*Material for this task*.

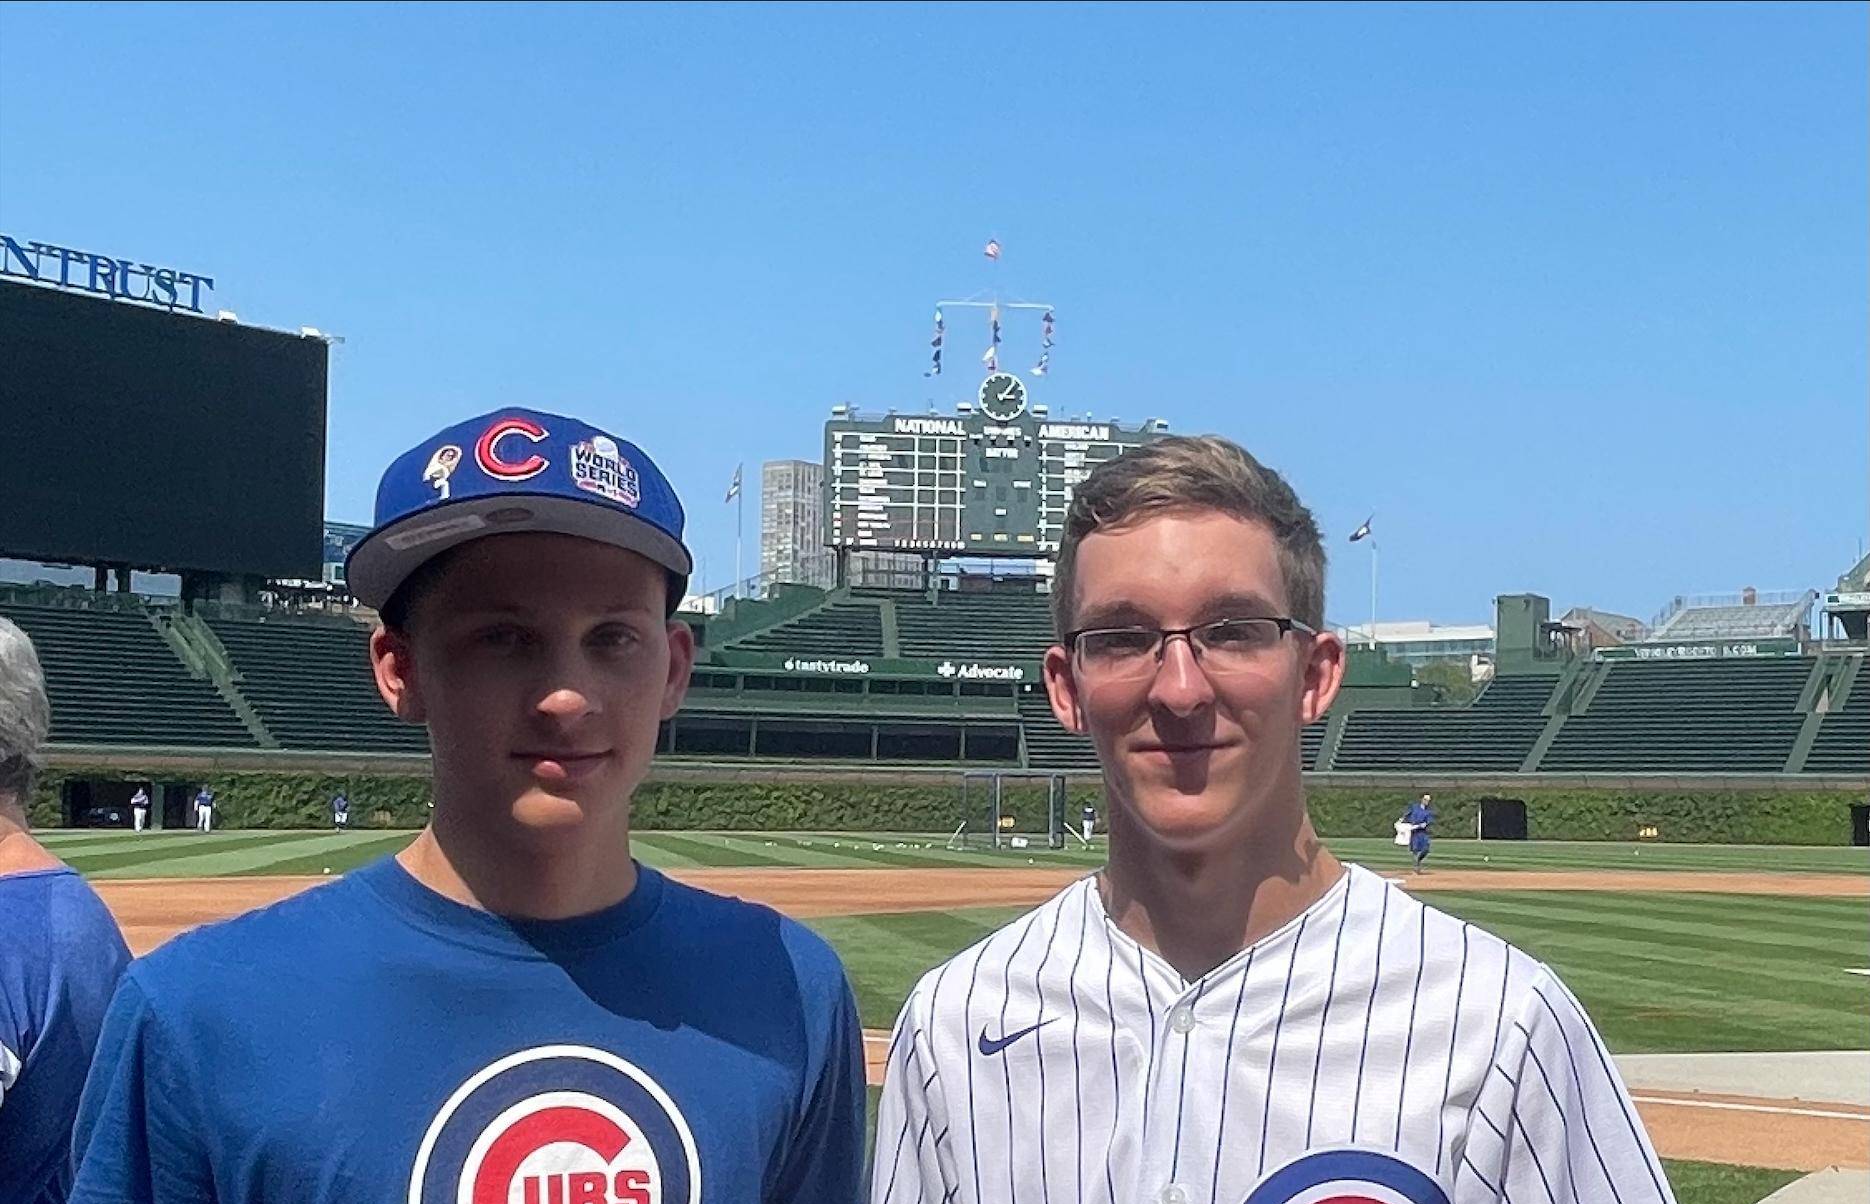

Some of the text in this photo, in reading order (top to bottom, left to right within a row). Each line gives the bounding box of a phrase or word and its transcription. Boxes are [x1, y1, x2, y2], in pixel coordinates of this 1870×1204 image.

[894, 418, 967, 436] NATIONAL
[1038, 424, 1110, 441] AMERICAN
[474, 417, 550, 482] C
[575, 447, 635, 483] WORLD
[575, 461, 638, 497] SERIES
[795, 658, 870, 675] tastytrade
[957, 664, 1024, 679] Advocate
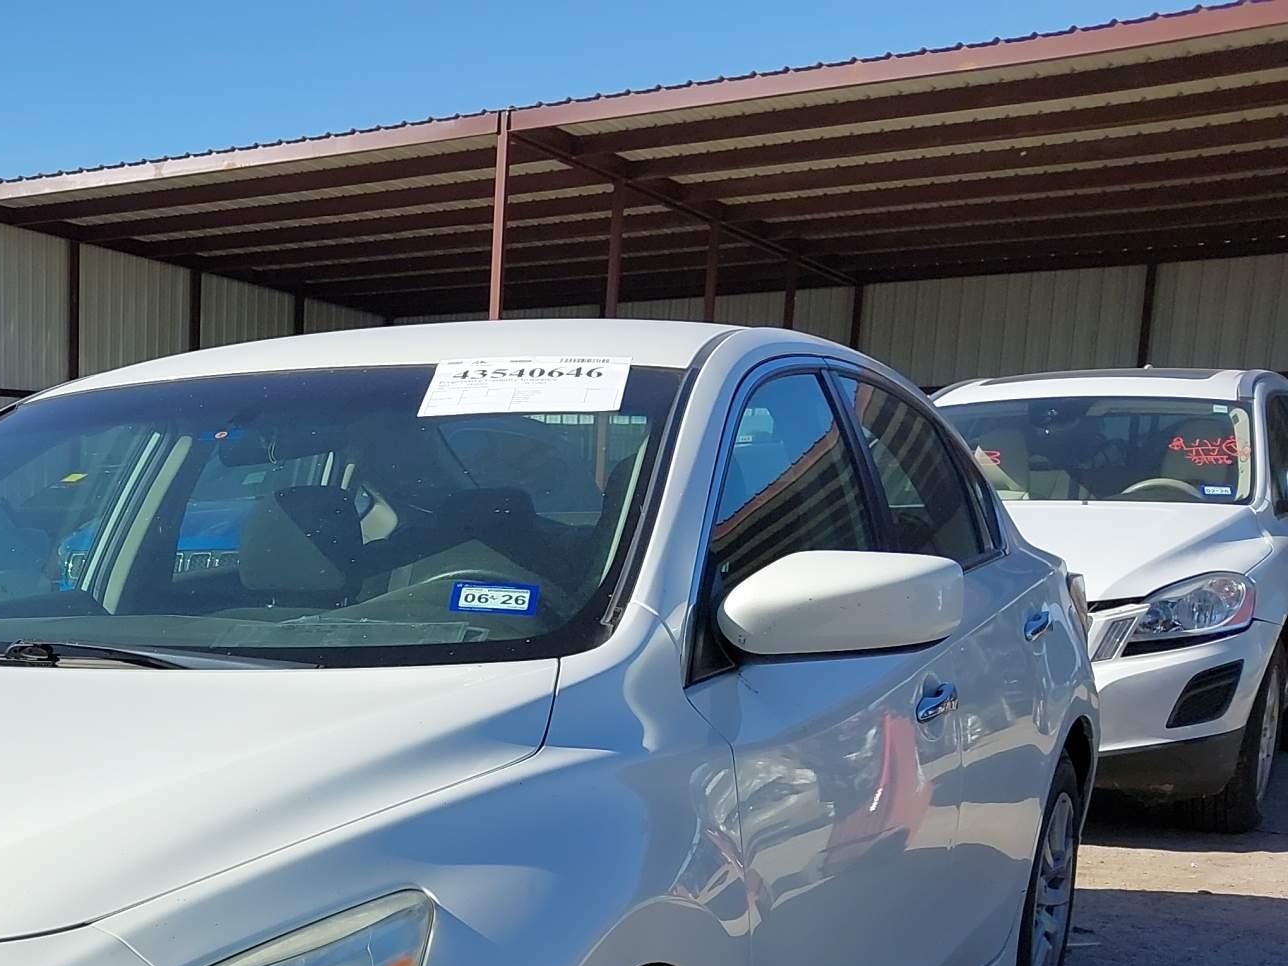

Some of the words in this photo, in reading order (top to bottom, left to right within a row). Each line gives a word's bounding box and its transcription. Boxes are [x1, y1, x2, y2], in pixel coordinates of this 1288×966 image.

[452, 366, 604, 380] 43540646
[463, 593, 489, 604] 06
[500, 595, 527, 605] 26
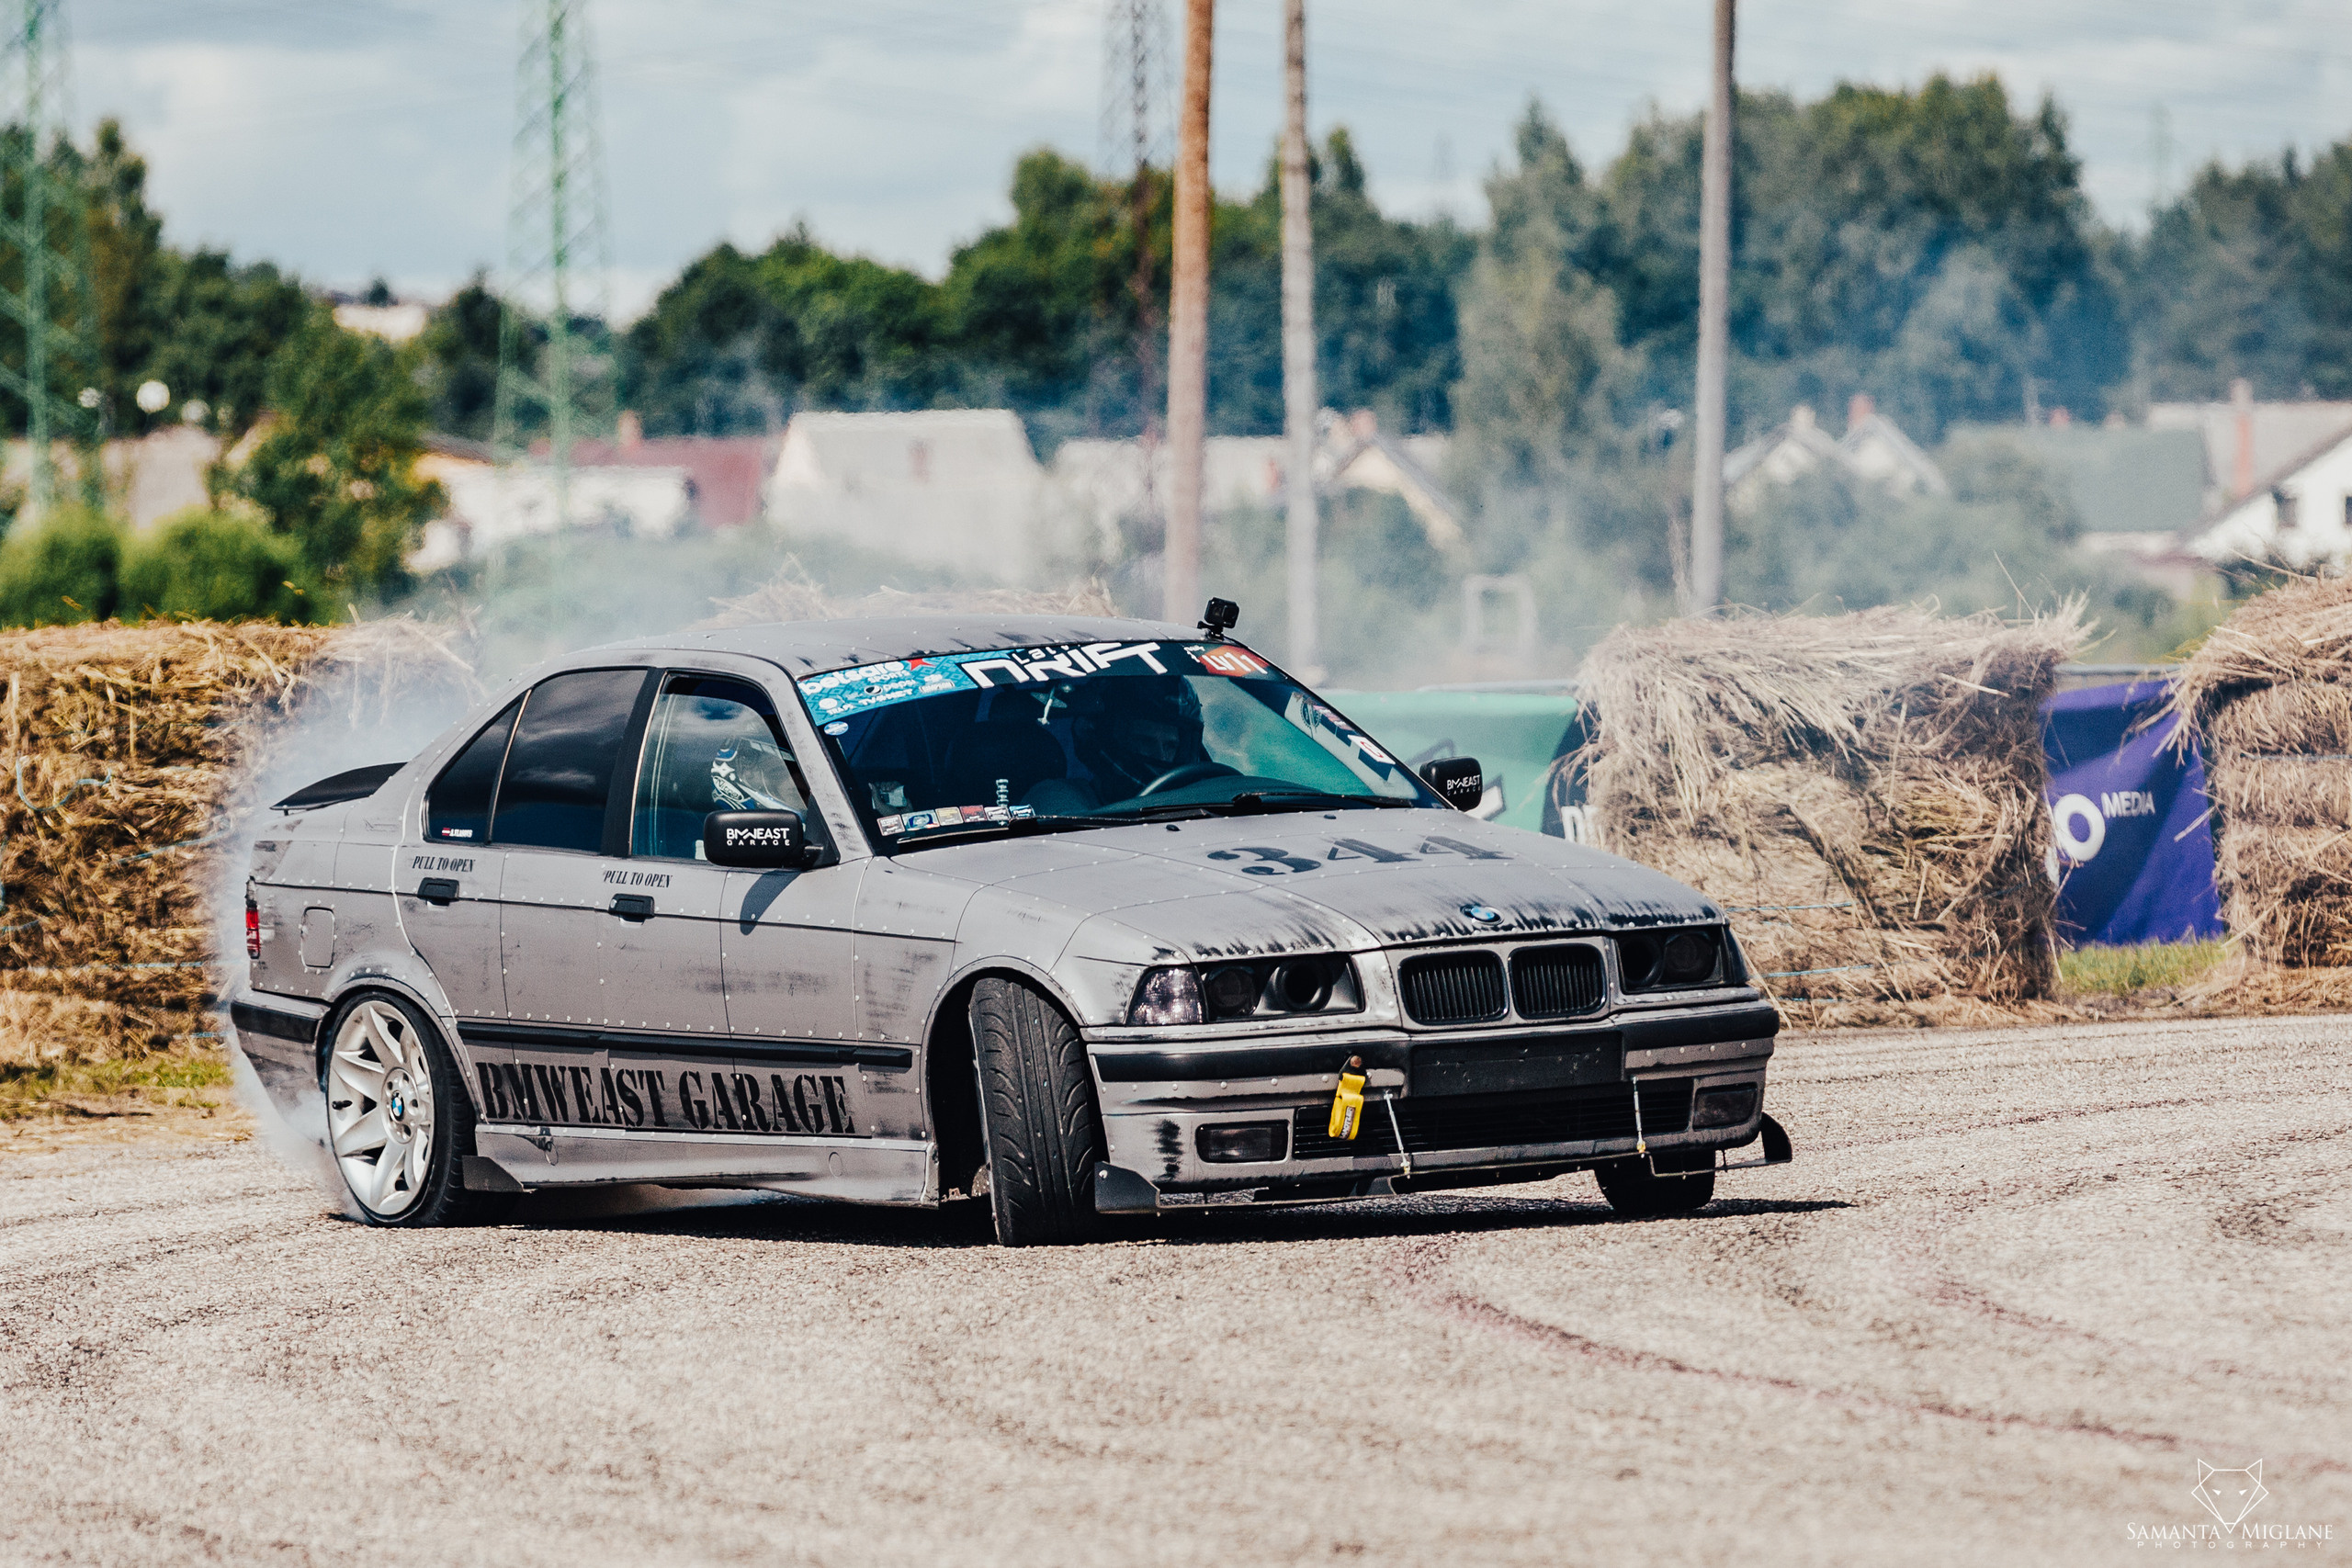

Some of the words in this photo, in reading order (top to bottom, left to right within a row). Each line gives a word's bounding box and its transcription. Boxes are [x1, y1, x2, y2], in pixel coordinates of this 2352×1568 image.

[961, 642, 1169, 689] DRIFT
[1446, 774, 1481, 791] BMWEAST
[2100, 791, 2156, 818] MEDIA
[726, 828, 790, 840] BMWEAST
[413, 855, 435, 870] PULL
[435, 857, 449, 871] TO
[449, 858, 476, 873] OPEN
[1207, 835, 1514, 875] 344
[603, 870, 628, 885] PULL
[629, 872, 644, 886] TO
[644, 873, 673, 888] OPEN
[475, 1062, 669, 1128] BMWEAST
[679, 1070, 855, 1134] GARAGE

*To do*. Nothing but the pictures may be dropped; output the records above exactly.

*Answer space*.
Some of the text in this photo, in reading order (top to bottom, left to right within a row). Each line gives the bounding box of a phrase or word and its transcription. Boxes are [x1, y1, x2, y2], in pixel coordinates of this 1870×1204 image.

[894, 418, 967, 436] NATIONAL
[1038, 424, 1110, 441] AMERICAN
[474, 417, 550, 482] C
[575, 447, 635, 483] WORLD
[575, 461, 638, 497] SERIES
[795, 658, 870, 675] tastytrade
[957, 664, 1024, 679] Advocate

Some of the words in this photo, in reading order (top to bottom, left to right within a row). Each line gives a word's bounding box and its transcription. Boxes are [x1, y1, x2, y2], in pixel coordinates of this 1288×966 image.

[452, 366, 604, 380] 43540646
[463, 593, 489, 604] 06
[500, 595, 527, 605] 26

Some of the words in this photo, in reading order (top to bottom, left to right within a row). Each line gives a word's bounding box and its transcription. Boxes are [x1, y1, x2, y2], in pixel coordinates of this 2352×1568 image.

[961, 642, 1169, 689] DRIFT
[1446, 774, 1481, 791] BMWEAST
[2100, 791, 2156, 818] MEDIA
[726, 828, 790, 840] BMWEAST
[413, 855, 435, 870] PULL
[435, 857, 449, 871] TO
[449, 858, 476, 873] OPEN
[1207, 835, 1514, 875] 344
[603, 870, 628, 885] PULL
[629, 872, 644, 886] TO
[644, 873, 673, 888] OPEN
[475, 1062, 669, 1128] BMWEAST
[679, 1070, 855, 1134] GARAGE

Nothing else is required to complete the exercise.